(Collected data)

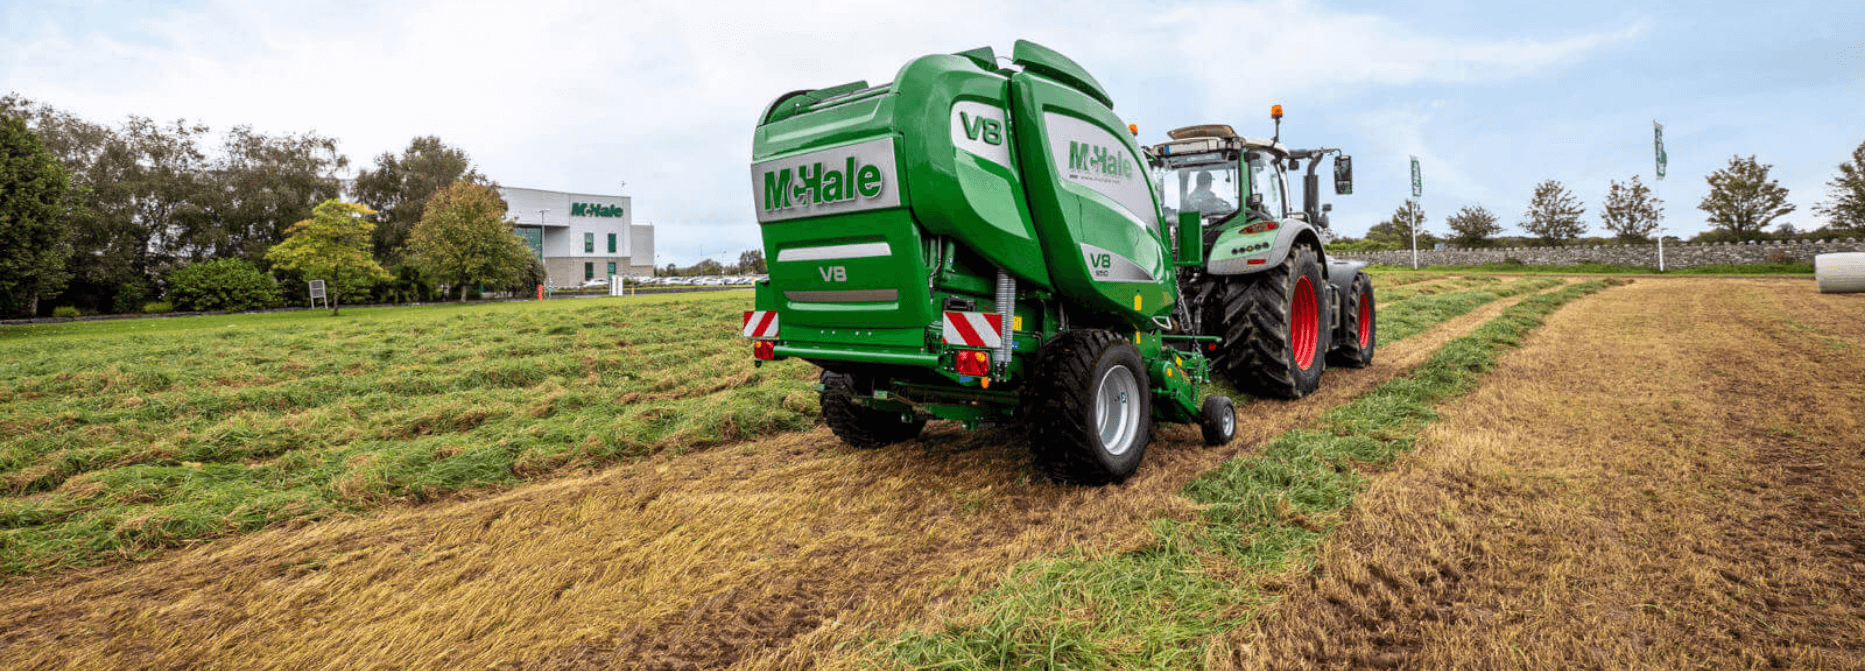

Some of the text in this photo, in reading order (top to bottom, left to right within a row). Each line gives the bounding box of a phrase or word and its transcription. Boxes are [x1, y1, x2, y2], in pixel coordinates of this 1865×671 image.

[960, 111, 1002, 145] V8
[1069, 140, 1132, 178] McHale
[764, 156, 881, 210] McHale
[571, 202, 623, 218] McHale
[1090, 253, 1111, 268] V8
[819, 265, 847, 282] V8
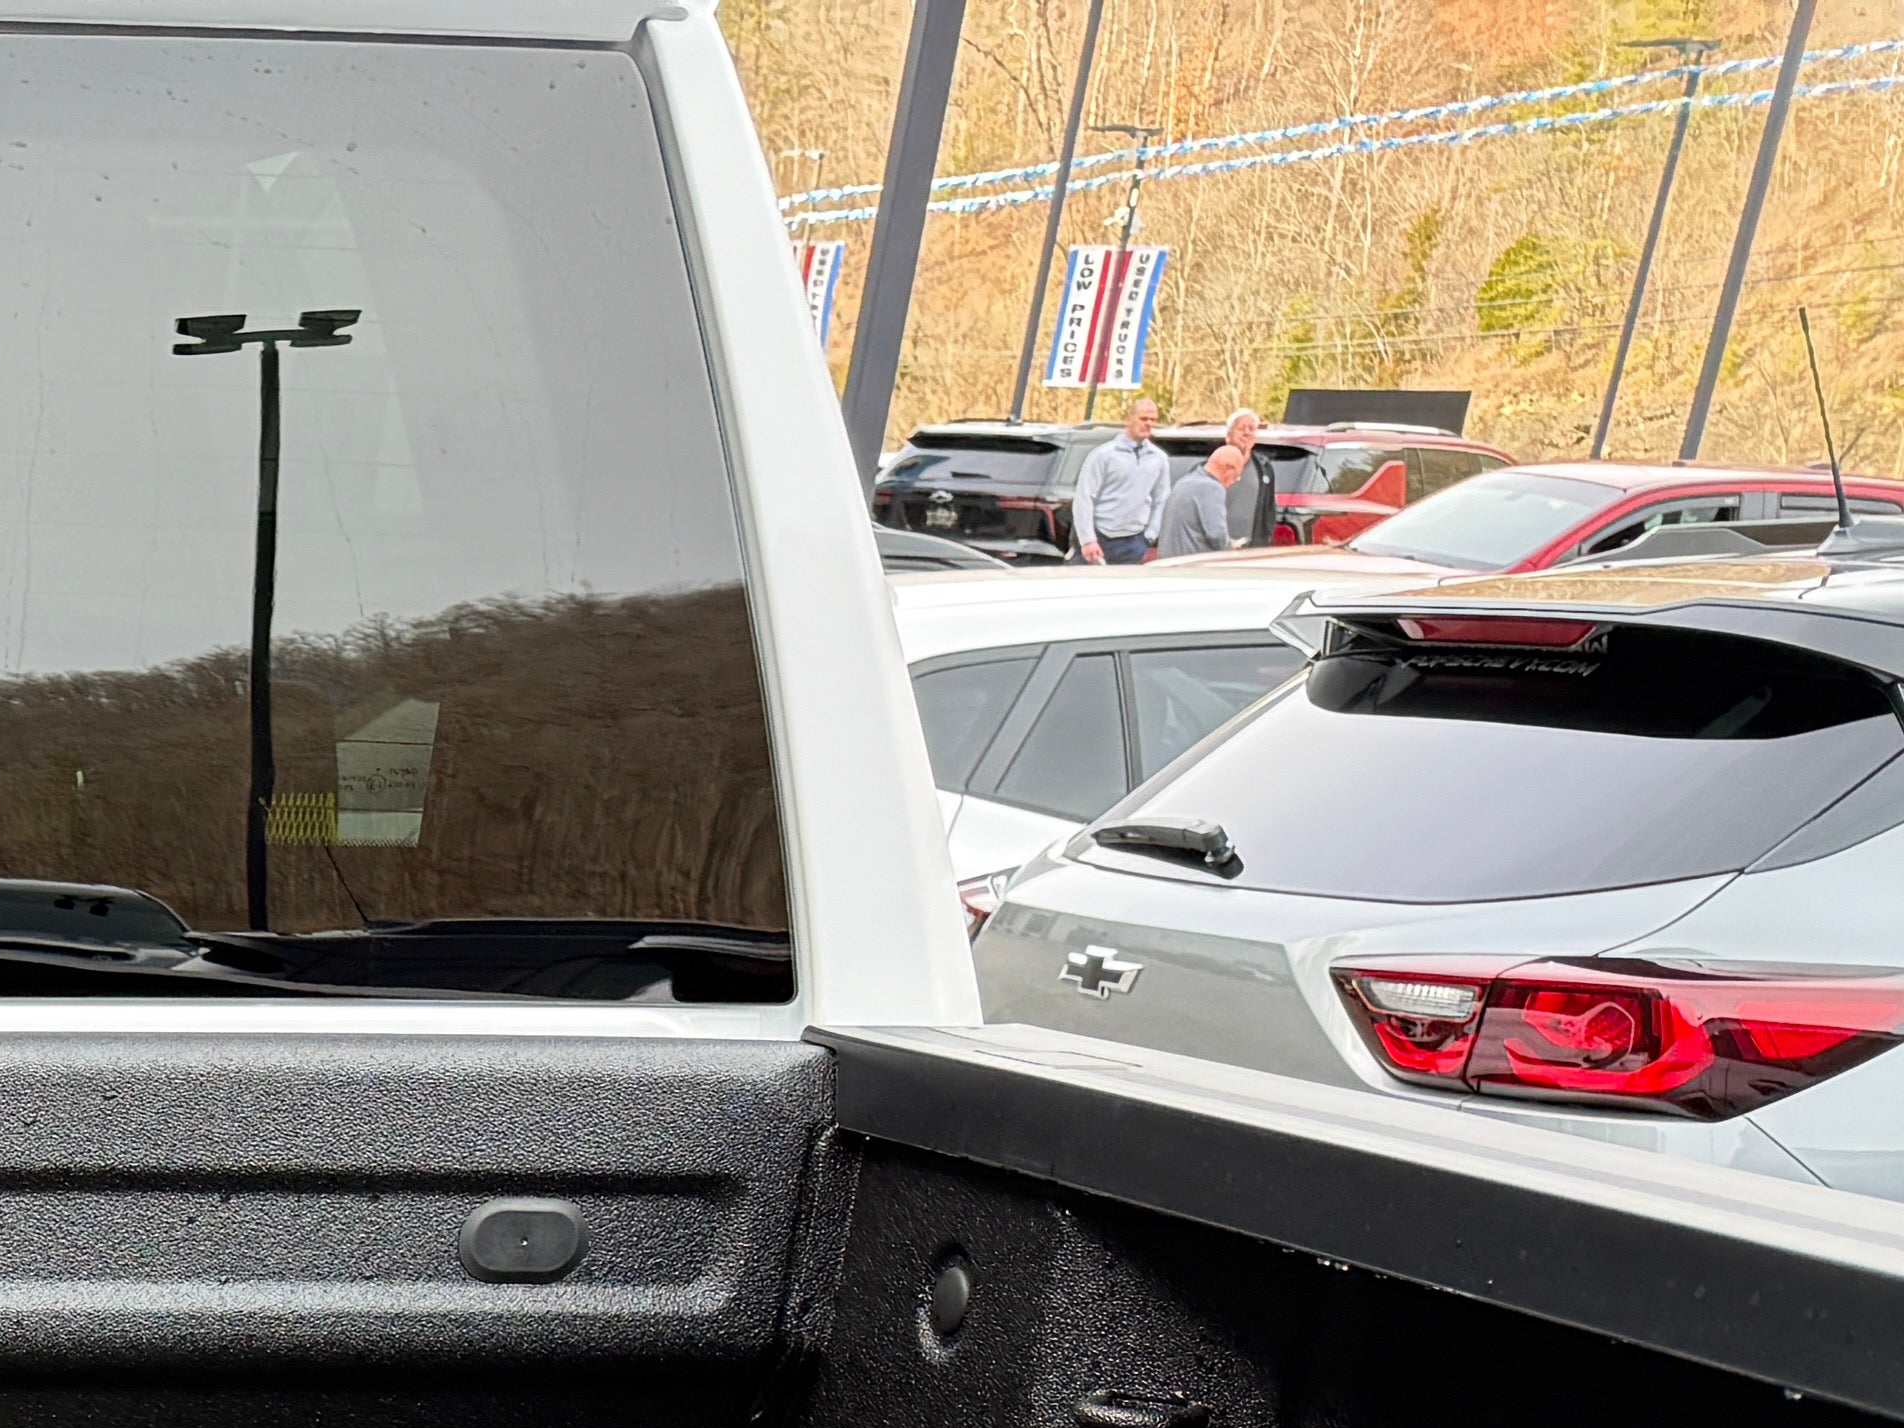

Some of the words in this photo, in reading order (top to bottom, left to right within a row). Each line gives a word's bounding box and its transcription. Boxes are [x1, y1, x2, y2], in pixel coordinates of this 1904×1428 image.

[1075, 253, 1095, 291] LOW
[1128, 253, 1151, 301] USED
[1059, 303, 1085, 379] PRICES
[1114, 307, 1134, 379] TRUCKS
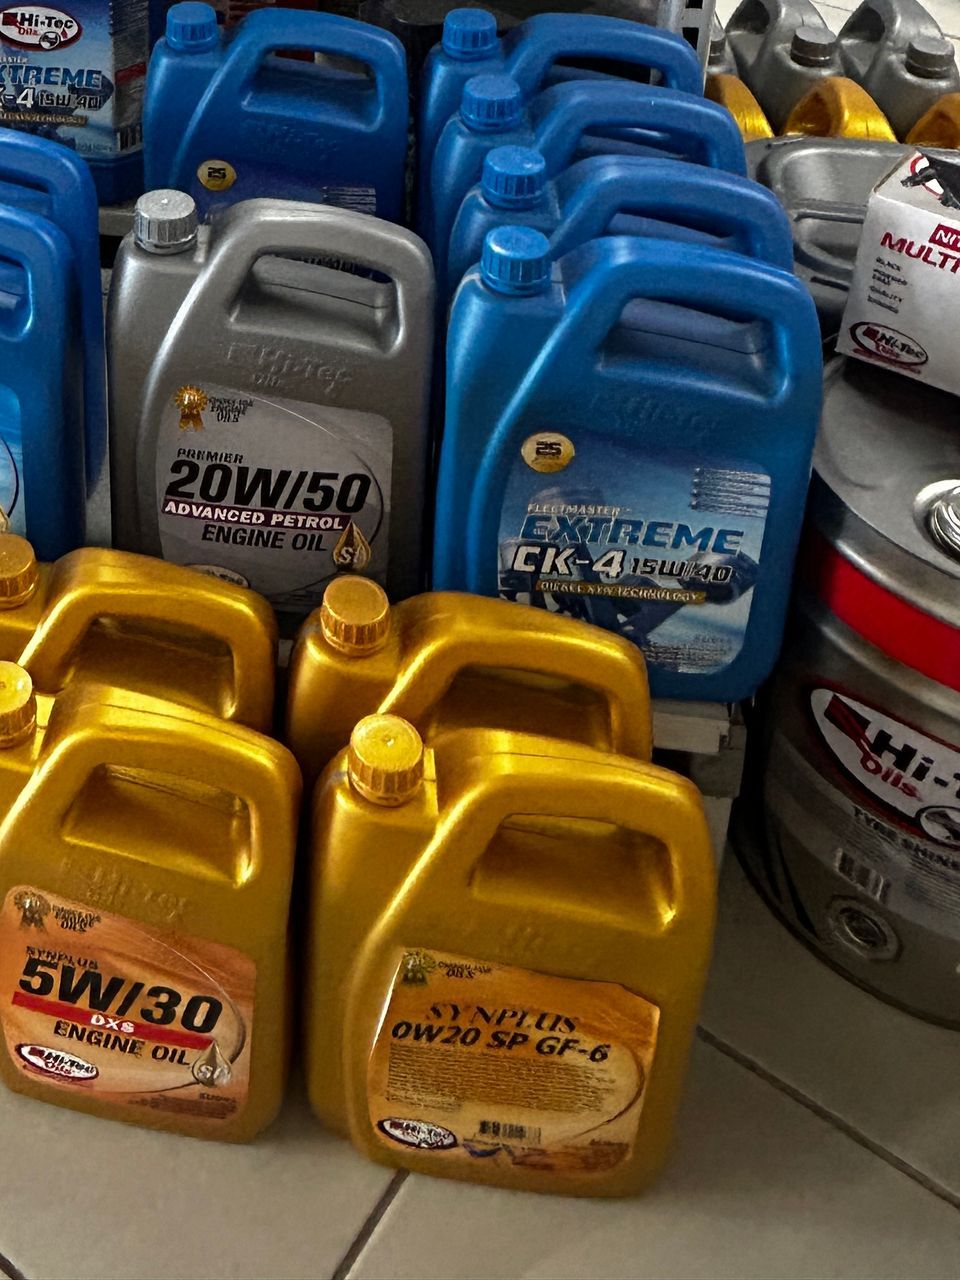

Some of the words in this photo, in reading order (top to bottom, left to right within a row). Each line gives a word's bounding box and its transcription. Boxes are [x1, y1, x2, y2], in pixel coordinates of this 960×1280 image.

[19, 12, 74, 29] Hi-Tec
[207, 167, 227, 180] 25
[177, 448, 244, 464] PREMIER
[535, 441, 562, 457] 25
[165, 459, 372, 513] 20W/50
[164, 501, 265, 525] ADVANCED
[271, 513, 343, 530] PETROL
[202, 524, 285, 549] ENGINE
[292, 532, 327, 552] OIL
[520, 515, 744, 554] EXTREME
[513, 544, 627, 578] CK-4
[630, 557, 734, 584] 15W/40
[616, 586, 699, 603] TECHNOLOGY
[860, 752, 921, 800] Oils
[18, 958, 223, 1034] 5W/30
[426, 1002, 578, 1034] SYNPLUS
[54, 1019, 145, 1056] ENGINE
[151, 1043, 191, 1066] OIL
[391, 1019, 481, 1047] 0W20
[486, 1031, 529, 1050] SP
[535, 1035, 612, 1064] GF-6
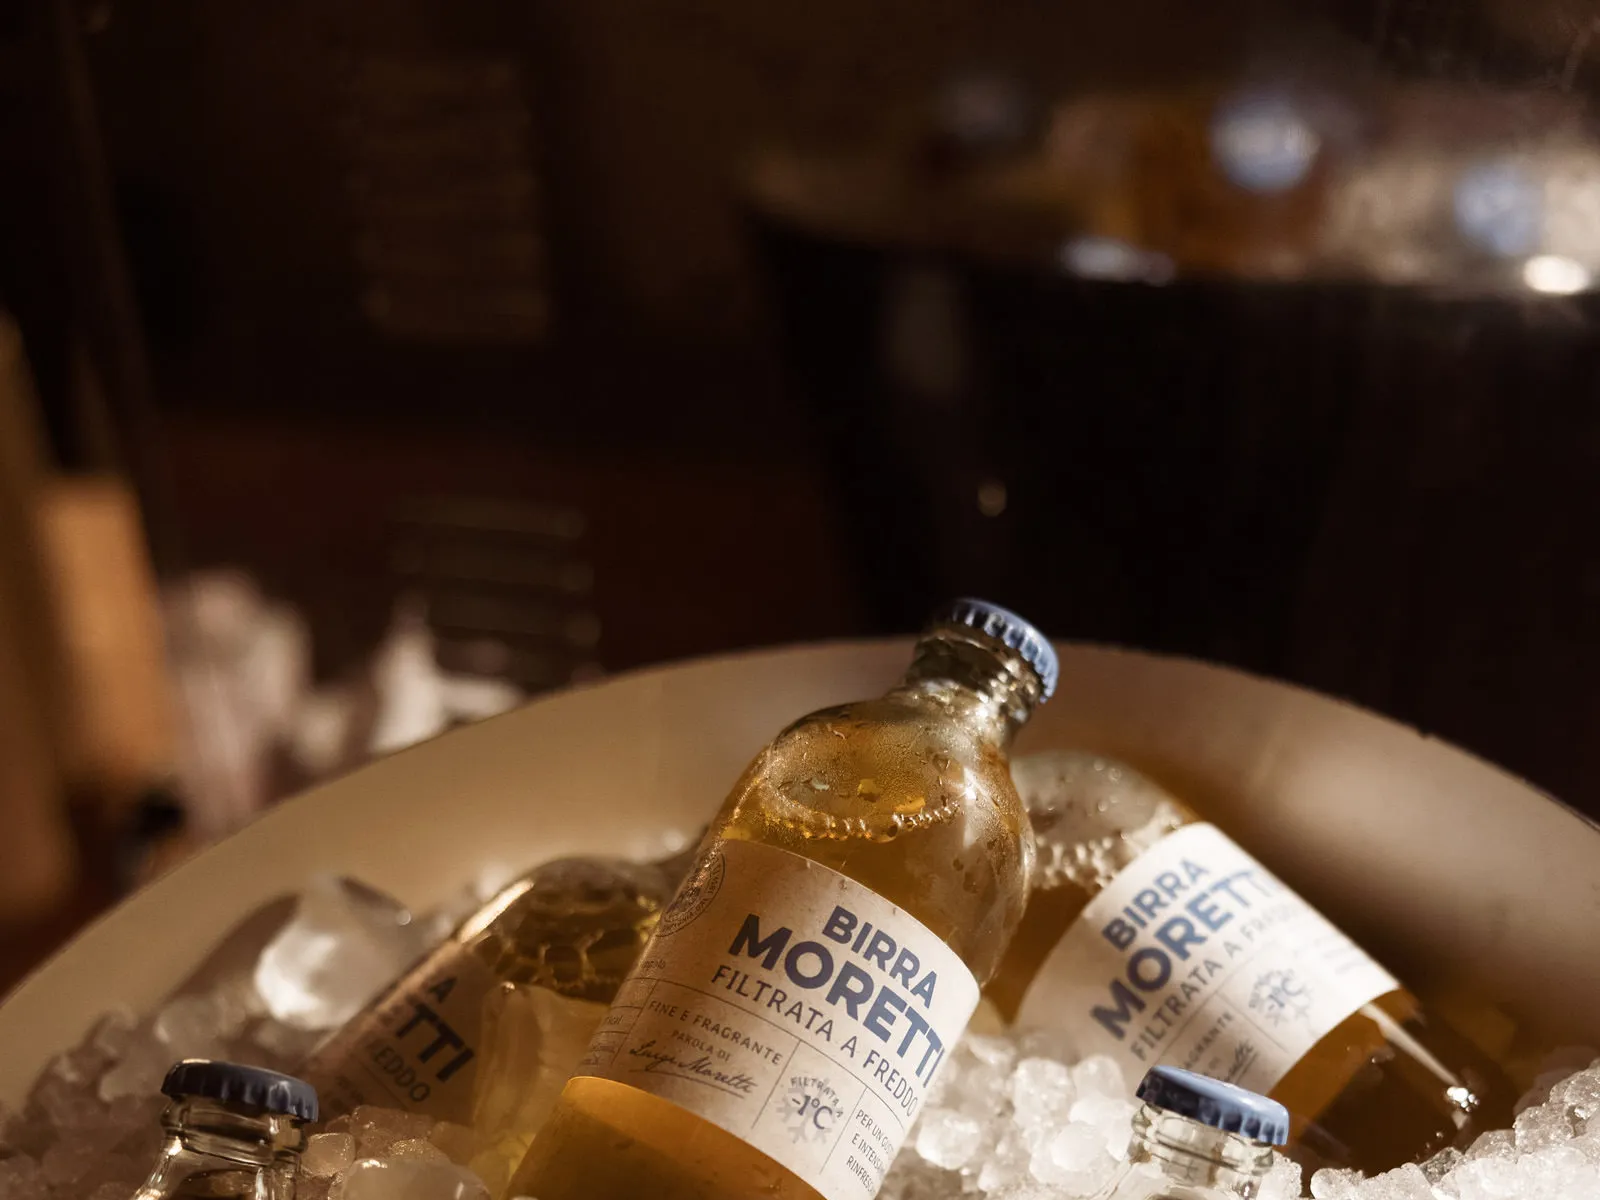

WHAT YOU WILL DO —
What is needed is an exact copy of every record above, minus the images.

RESPONSE TO THIS TASK —
Some of the text in this photo, in reading order (top to bottom, left to right within a row). Each line gives the bounding box of a phrase or word and its transcription. Boxes are [x1, y1, x2, y2], in pixel coordinates of this 1865×671 image.

[960, 111, 1002, 145] V8
[1069, 140, 1132, 178] McHale
[764, 156, 881, 210] McHale
[571, 202, 623, 218] McHale
[1090, 253, 1111, 268] V8
[819, 265, 847, 282] V8

Some of the words in this photo, in reading order (top to bottom, left to right within a row). Each line gives a word's bounding box and its transcription. Boxes are [x1, y1, x2, y2], in pixel coordinates of this 1904×1428 image.

[1075, 253, 1095, 291] LOW
[1128, 253, 1151, 301] USED
[1059, 303, 1085, 379] PRICES
[1114, 307, 1134, 379] TRUCKS

Some of the words in this photo, in reading order (top to bottom, left to right within a row). Each line gives a word's bounding box and its transcription. Boxes are [x1, y1, x2, y2], in pixel coordinates of this 960×1280 image.

[19, 12, 74, 29] Hi-Tec
[207, 167, 227, 180] 25
[177, 448, 244, 464] PREMIER
[535, 441, 562, 457] 25
[165, 459, 372, 513] 20W/50
[164, 501, 265, 525] ADVANCED
[271, 513, 343, 530] PETROL
[202, 524, 285, 549] ENGINE
[292, 532, 327, 552] OIL
[520, 515, 744, 554] EXTREME
[513, 544, 627, 578] CK-4
[630, 557, 734, 584] 15W/40
[616, 586, 699, 603] TECHNOLOGY
[860, 752, 921, 800] Oils
[18, 958, 223, 1034] 5W/30
[426, 1002, 578, 1034] SYNPLUS
[54, 1019, 145, 1056] ENGINE
[151, 1043, 191, 1066] OIL
[391, 1019, 481, 1047] 0W20
[486, 1031, 529, 1050] SP
[535, 1035, 612, 1064] GF-6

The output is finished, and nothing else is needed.